Activity of the Na/K–ATPase from rat brain synaptic membranes is inhibited by NA (noradrenaline). However, during fractionation of cytozole from nerve endings, two non-homogeneous peaks are found (SF a, 60–100 kD and SF i, ~10 kD), which influence the Na/K–ATPase activity, both directly and SF a NA-dependently. Joint action of NA and synaptic factors (SF a and SF i) on the Na/K-ATPase, represents a sum of four different processes: 1) NA, without synaptic factors, inhibits the Na/K-ATPase; 2) At low SF a concentrations NA-dependent Na/K-ATPase activatory mechanism is evident; 3) At high SF a concentrations NA-independent Na/K-ATPase is activated; 4) The low-molecular SF i protein inhibits the Na/K-ATPase. Regulation of the Na/K-ATPase activity by NA, SF a and SF i, obtained in similar conditions from two weeks old and one year old rats, is different. In older rats SF i is characterized with strong Na/K-ATPase inhibition; in younger rats SF i does not change the Na/K-ATPase activity.
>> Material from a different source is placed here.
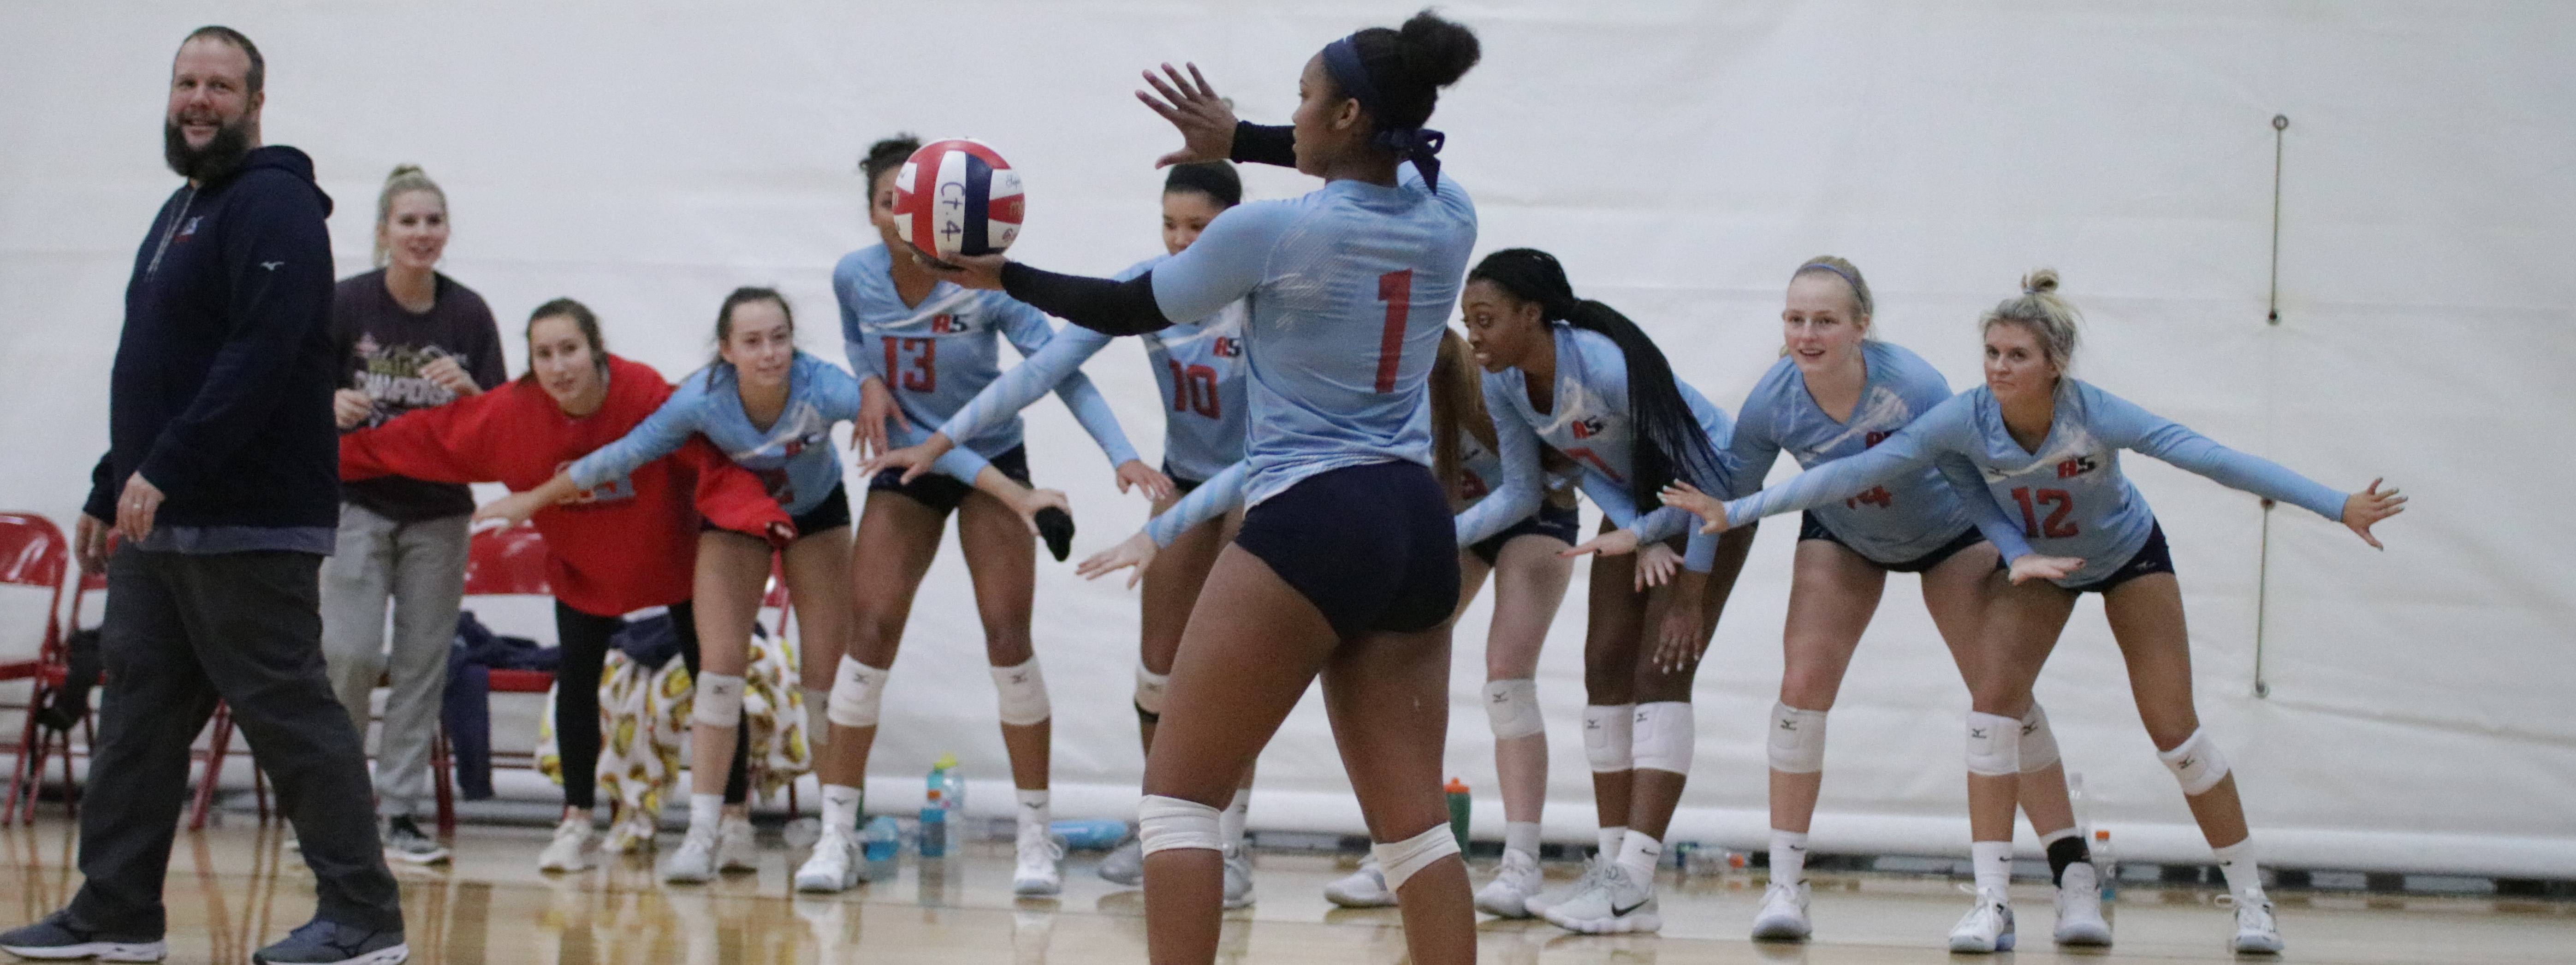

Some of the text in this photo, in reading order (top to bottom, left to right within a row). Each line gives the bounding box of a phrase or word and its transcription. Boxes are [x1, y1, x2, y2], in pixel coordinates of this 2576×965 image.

The NA- and SF i -dependent inhibition and activation ratio is different in young and elder rats. In two week olds NA/SF i activatory mechanism is stronger, while in one year olds NA-dependent inhibition of the Na/K-ATPase is prevailing. These experimental data indicate that regulation of the Na/K-ATPase activity has an important role in synaptic transmission and that this process has noteworthy, albeit presently unknown, functional importance in integrative activity of the brain.